Abortar la crisis
NO es la primera vez que, éste que lo es, un servidor de ustedes recurre al magisterio de Jonathan Swift para intentar poner en solfa las quisicosas del presente. Mixtura de político y de hombre de iglesia, el pastor anglicano era un gigante de la sátira y un panfletario excelso. Uno de aquellos genios que empleaban, como recado de escribir, vitriolo y escalpelo. Lo ameno, sin embargo, prevaleció sobre el veneno; el alquimista arrumbó al dinamitero. Cuando hace la relación de los viajes del doctor Gulliver y sus pasmosas peripecias en los confines del planeta, Swift enmascara el discurso moral con una trepidante exhibición de ingenio. Construye una novela de aventuras mientras airea sin rebozo la podredumbre de su época. Le saca los colores al conformismo hipócrita, a las prosapias de alquiler, a los prestigios de estraperlo. Ríe por no llorar y porque la risa ofende. Igual da, a ese respecto, tres siglos de más o tres centurias menos: estamos en las mismas y aramos todavía con idénticos bueyes. Los mezquinos prosperan, los necios sientan cátedra, los arribistas medran. Y así, sucesivamente.

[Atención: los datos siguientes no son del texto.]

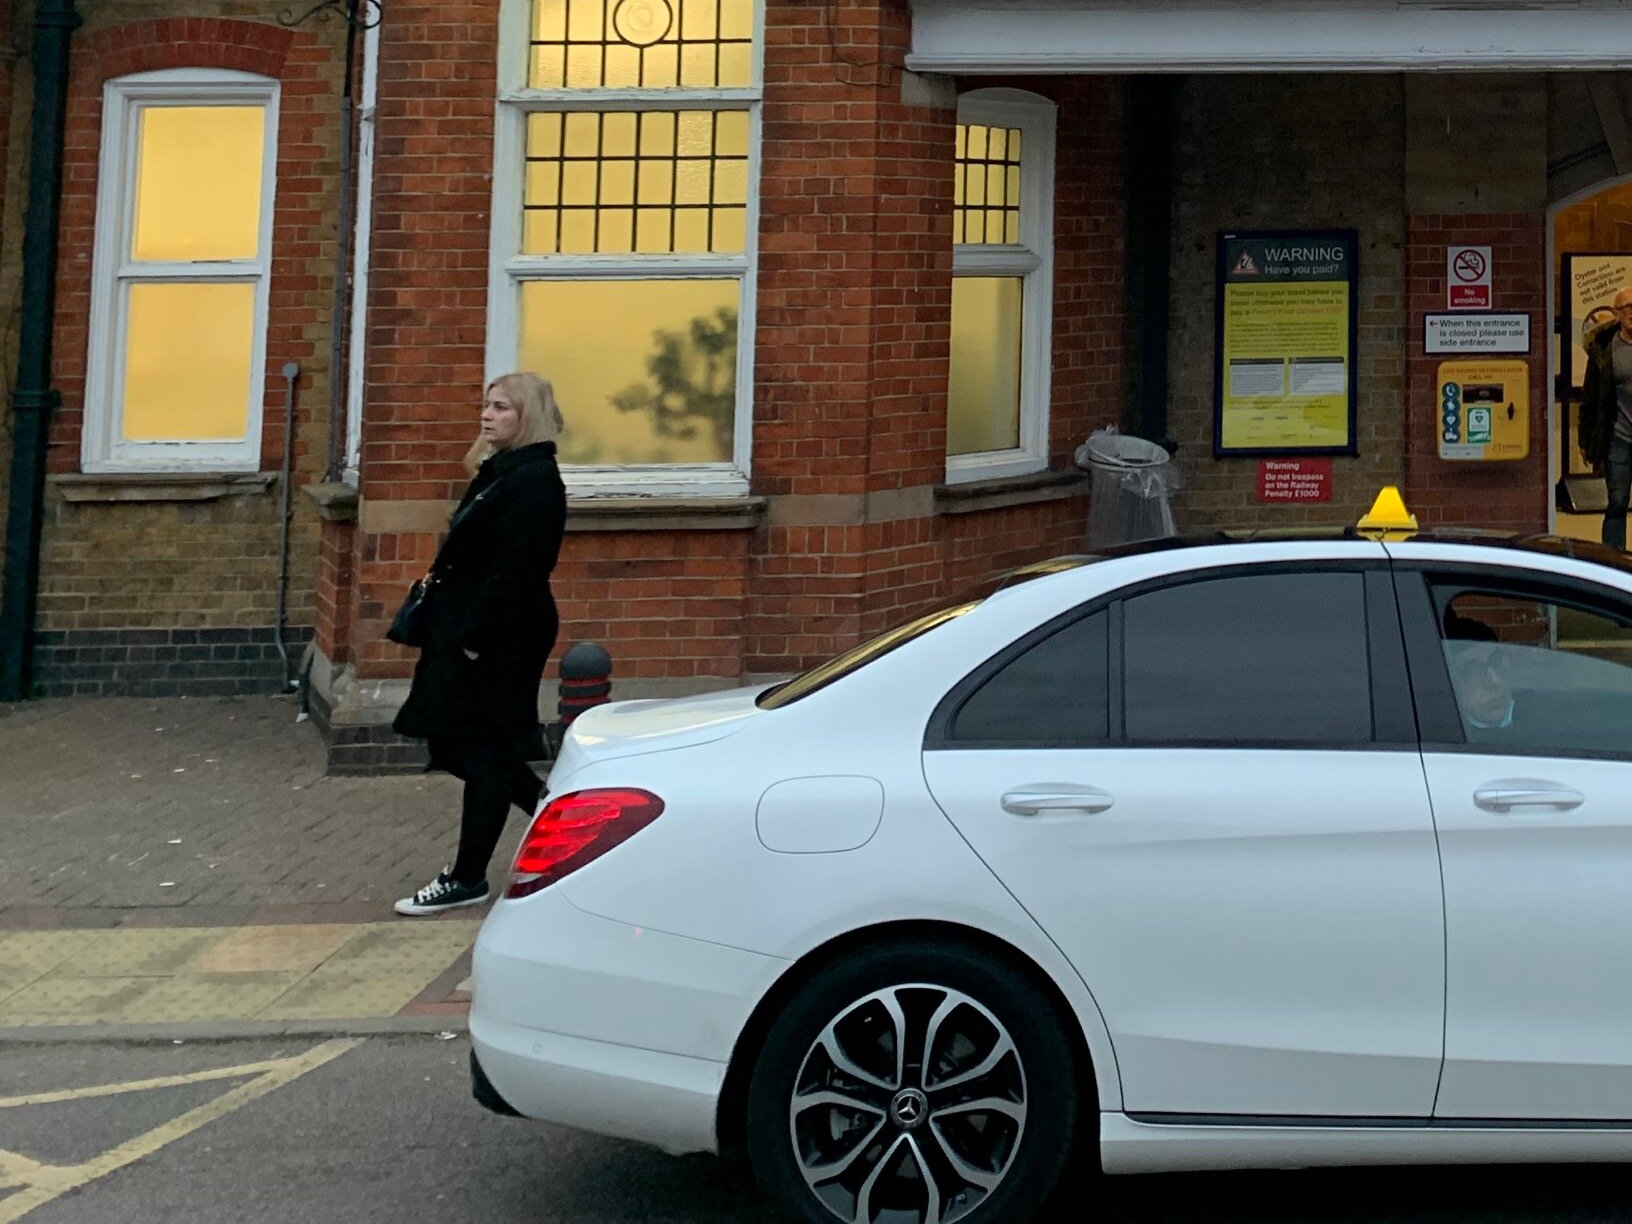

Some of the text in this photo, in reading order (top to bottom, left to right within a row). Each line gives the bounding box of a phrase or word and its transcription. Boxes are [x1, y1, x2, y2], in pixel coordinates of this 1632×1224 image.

[1265, 246, 1344, 261] WARNING
[1264, 265, 1290, 274] Have
[1292, 267, 1310, 276] you
[1311, 264, 1340, 274] paid?
[1575, 262, 1611, 281] Oyster and
[1464, 287, 1476, 295] No
[1580, 288, 1591, 296] not
[1592, 280, 1608, 291] valid
[1454, 297, 1486, 305] smoking
[1439, 319, 1520, 328] When this entrance
[1439, 329, 1525, 338] is closed please use
[1439, 339, 1496, 347] side entrance
[1266, 462, 1299, 471] Warning
[1265, 473, 1324, 481] Do not trespass
[1276, 481, 1289, 489] the
[1290, 481, 1320, 490] Railway
[1265, 490, 1293, 498] Penalty

Se ha dicho alguna vez que los autores clásicos son la sublimación de lo moderno. En el caso de Jonathan Swift, la sentencia es cabal de la cruz a la fecha. Gracias a él y a su esclarecedor criterio, es posible afirmar, con absoluta convicción, sin dar ningún cuartel al titubeo, que el frenesí abortista de la ministra Aído constituye una especie de solución final a la agonía financiera del gobierno. El método («mutatis mutandi», por supuesto, y sin querer menoscabar a los liliputienses y a las liliputiensas) es sustancialmente idéntico al que Swift desgranó en un excepcional libelo dirigido a las autoridades de Inglaterra. En «Una Modesta Proposición» (a fin de prevenir que los niños de los pobres de Irlanda sean una carga para sus padres o el país y generen beneficios y riqueza) detalla con minuciosa precisión e inapelables argumentos que la mejor manera de solventar la plaga de chiquillos hambrientos, bastardos lacrimosos y desconsolados huérfanos era que, tras cumplir un año, fueran sacrificados en el matadero. «Me han asegurado -afirma, retorciéndole el gaznate al humor negro- que una criatura sin defectos es un plato exquisito y admite cualquier receta. En estofado, al horno, en fricasé, en ragout... Los paladares exigentes no le pondrán ni un pero».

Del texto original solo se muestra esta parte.